Я не предвижу возражений

На представление мое:

Хоть человек он неизвестный,

Но уж конечно малый честный».

Однако в романе Зарецкий был поставлен перед фактом, отчего вынужден был согласиться. В пушкинской истории противную сторону такой поворот событий не устроил, о чем д’Аршиак и сообщает Пушкину очередной запиской: «Оскорбив честь барона Жоржа Геккерена, вы обязаны дать ему удовлетворение. Это ваше дело — достать себе секунданта. Никакой не может быть речи, чтоб ето вам доставили. Готовый со своей стороны явиться в условленное место, барон Жорж Геккерен настаивает на том, чтобы вы держались принятых правил. Всякое промедление будет рассматриваться им, как отказ в удовлетворении, которое вы ему обязаны дать, и как попытка огласкою этого дела помешать его окончанию. Свидание между секундантами, необходимое перед встречей, становится, если вы всё еще отказываете в нем, одним из условий барона Жоржа Геккерена; вы же мне говорили вчера и писали сегодня, что принимаете все его условия».

Будь в это время в Петербурге Владимир Соллогуб, Пушкин отправился бы к нему, а теперь он вынужден был пуститься на поиски секунданта. Выехав из дому в санях, Пушкин отправился к Константину Россету, жившему на Пантелеймоновской улице, но не застал его дома. И тут неожиданно то ли на Цепном мосту через Фонтанку, то ли на Пантелеймоновской улице он встретил своего лицейского товарища К. К. Данзаса. Пушкин усадил его в свои сани со словами: «Данзас, я ехал к тебе, садись со мной в сани и поедем во французское посольство, где ты будешь свидетелем одного разговора». Через несколько минут они были уже на Миллионной улице в квартире д’Аршиака. Поприветствовав хозяина, Пушкин обратился к Данзасу: «Теперь я вас введу в сущность дела» — и рассказал о том, что произошло между ним и Дантесом, окончив объяснение словами: «Теперь я вам могу сказать только одно: если дело это не закончится сегодня же, то в первый же раз, как я встречу Геккерена — отца или сына, — я им плюну в физиономию». Затем он, указав на Данзаса, прибавил: «Вот мой секундант». Только после этого он обратился к нему с вопросом: «Согласны вы?» В этой ситуации Данзасу не оставалось ничего другого, как ответить утвердительно.
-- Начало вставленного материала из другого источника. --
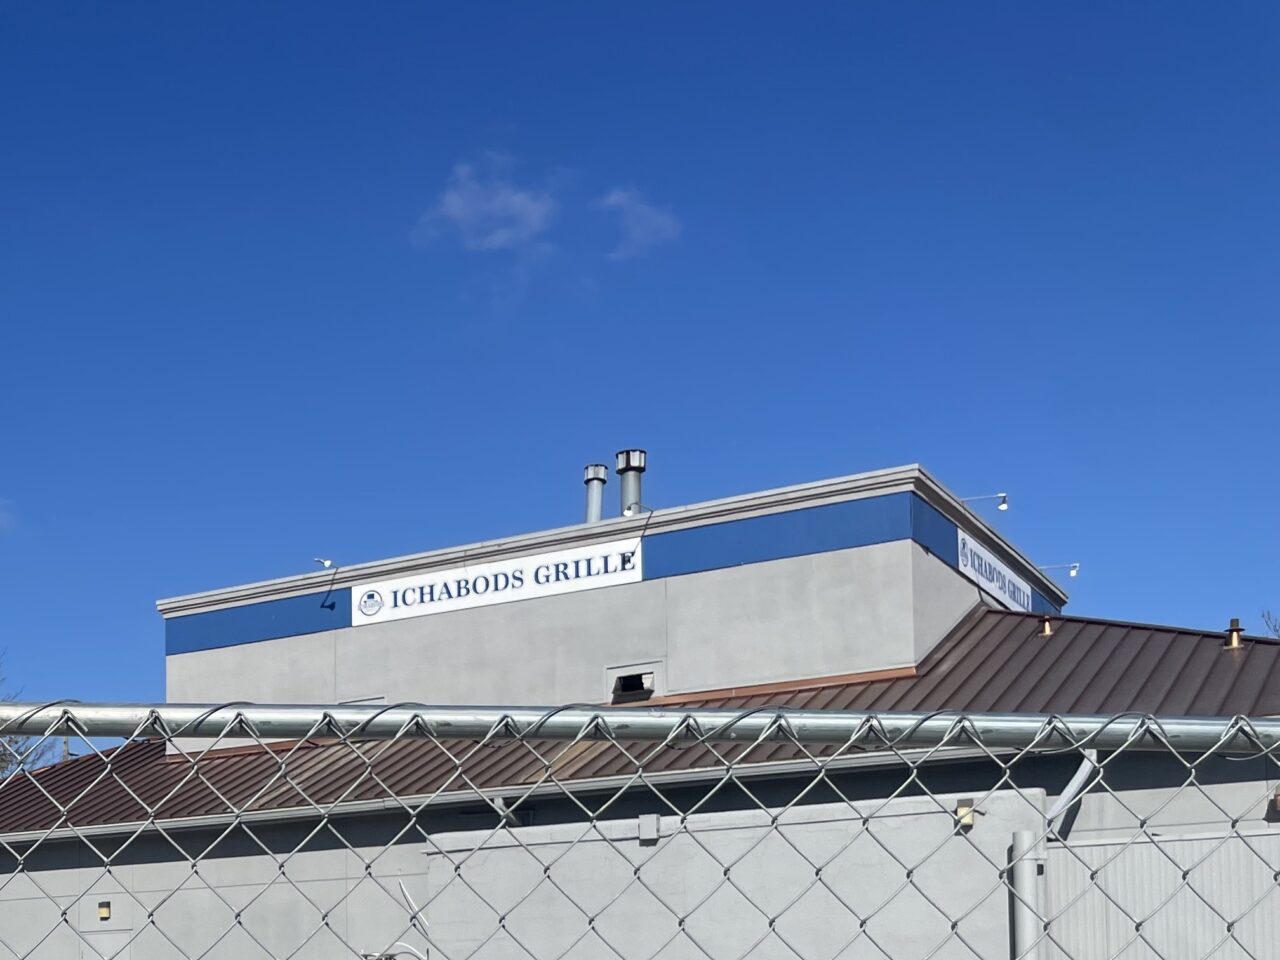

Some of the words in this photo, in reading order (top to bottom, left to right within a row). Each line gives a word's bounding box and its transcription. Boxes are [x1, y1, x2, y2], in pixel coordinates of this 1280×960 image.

[391, 570, 524, 609] ICHABODS
[533, 551, 636, 585] GRILLE
[969, 548, 1006, 595] ICHABODS
[1007, 578, 1030, 611] GRILLE
Самому д’Аршиаку Пушкин пояснил причины, которые заставляют его драться: «Есть двоякого рода рогоносцы: одни носят рога на самом деле; те знают отлично, как им быть; положение других, ставших рогоносцами по милости публики, затруднительнее. Я принадлежу к последним».

После ухода Пушкина Данзас первым делом спросил д’Аршиака: «Нет ли средств окончить дело миролюбиво?» Ответ д’Аршиака, который и сам бы желал примирения сторон, но уже убедился в том, что это невозможно, был отрицательным. Оставалось обсудить условия дуэли. Составленные по-французски и подписанные обоими секундантами, они гласили:

«Условия дуэли между г. Пушкиным и г. бароном Жоржем Геккереном

1. Противники становятся на расстоянии двадцати шагов друг от друга, на пять шагов назад от двух барьеров, расстояние между которыми равняется десяти шагам.
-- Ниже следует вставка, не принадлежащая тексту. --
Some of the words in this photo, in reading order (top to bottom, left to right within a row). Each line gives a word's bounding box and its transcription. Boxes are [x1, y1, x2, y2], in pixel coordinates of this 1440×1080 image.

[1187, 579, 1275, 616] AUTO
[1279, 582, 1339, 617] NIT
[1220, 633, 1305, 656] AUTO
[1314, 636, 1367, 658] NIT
2. Противники, вооруженные пистолетами, по данному сигналу, идя один на другого, ни в коем случае не переступая барьера, могут пустить в дело свое оружие.

3. Сверх того принимается, что после первого выстрела противникам не дозволяется менять место для того, чтобы выстреливший первым подвергся огню своего противника на том же расстоянии.
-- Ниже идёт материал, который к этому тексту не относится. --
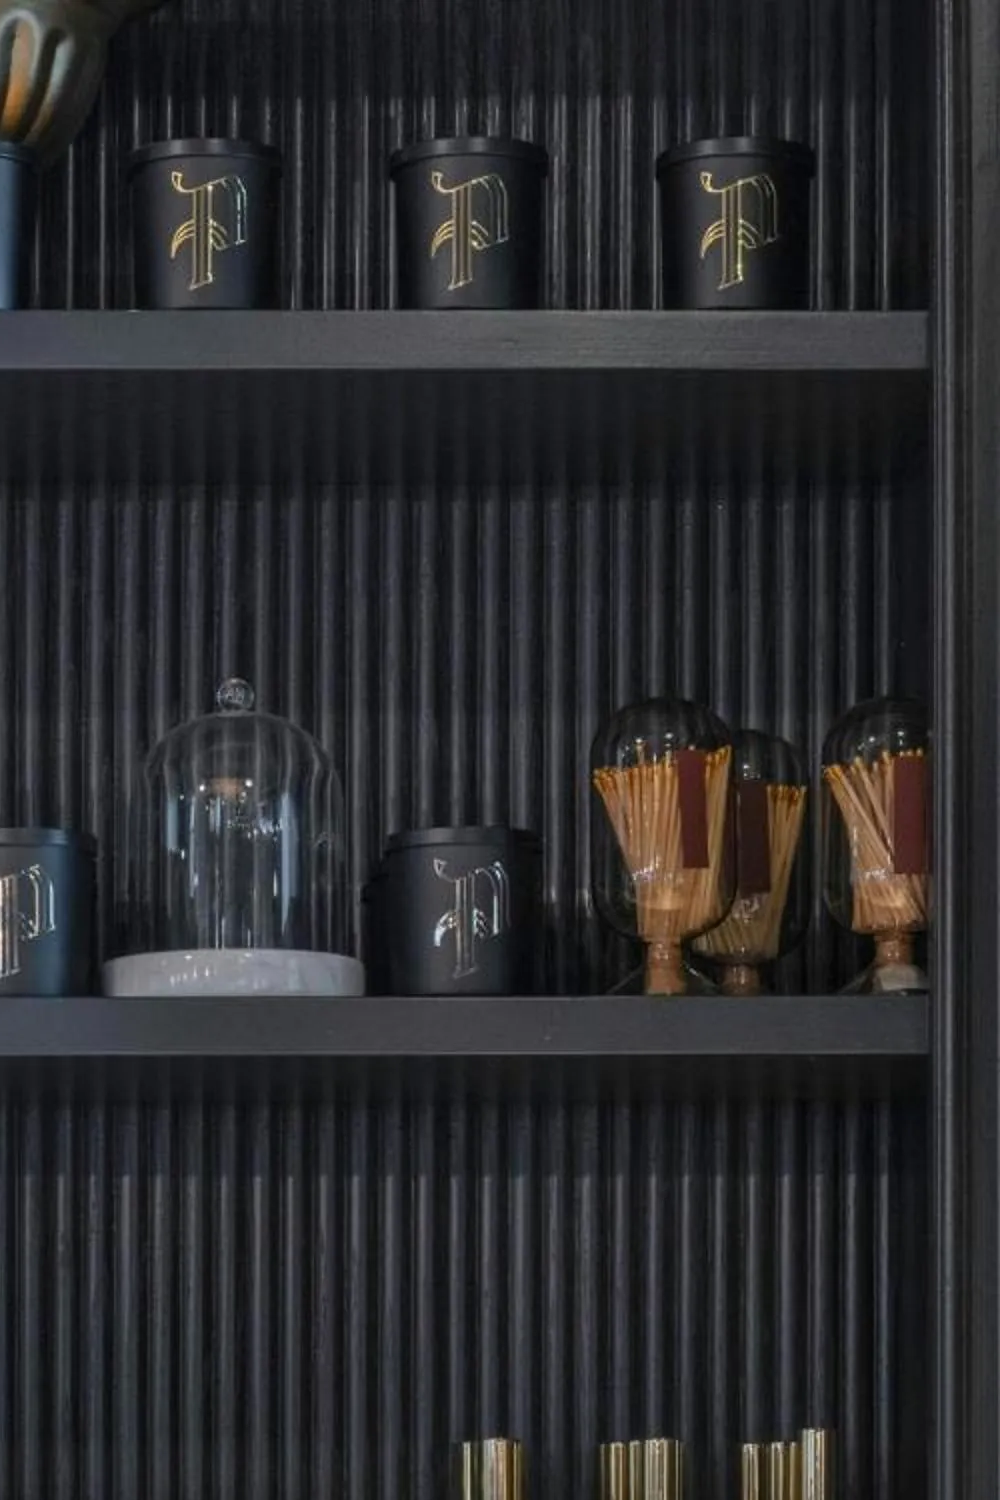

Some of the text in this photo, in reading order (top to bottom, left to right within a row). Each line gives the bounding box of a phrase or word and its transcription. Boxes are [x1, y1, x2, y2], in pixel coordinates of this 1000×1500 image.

[171, 171, 247, 290] P
[431, 171, 509, 291] P
[701, 171, 778, 290] P
4. Когда обе стороны сделают по выстрелу, то, если не будет результата, поединок возобновляется на прежних условиях: противники ставятся на то же расстояние в двадцать шагов; сохраняются те же барьеры и те же правила.

5. Секунданты являются непременными посредниками во всяком объяснении между противниками на месте боя.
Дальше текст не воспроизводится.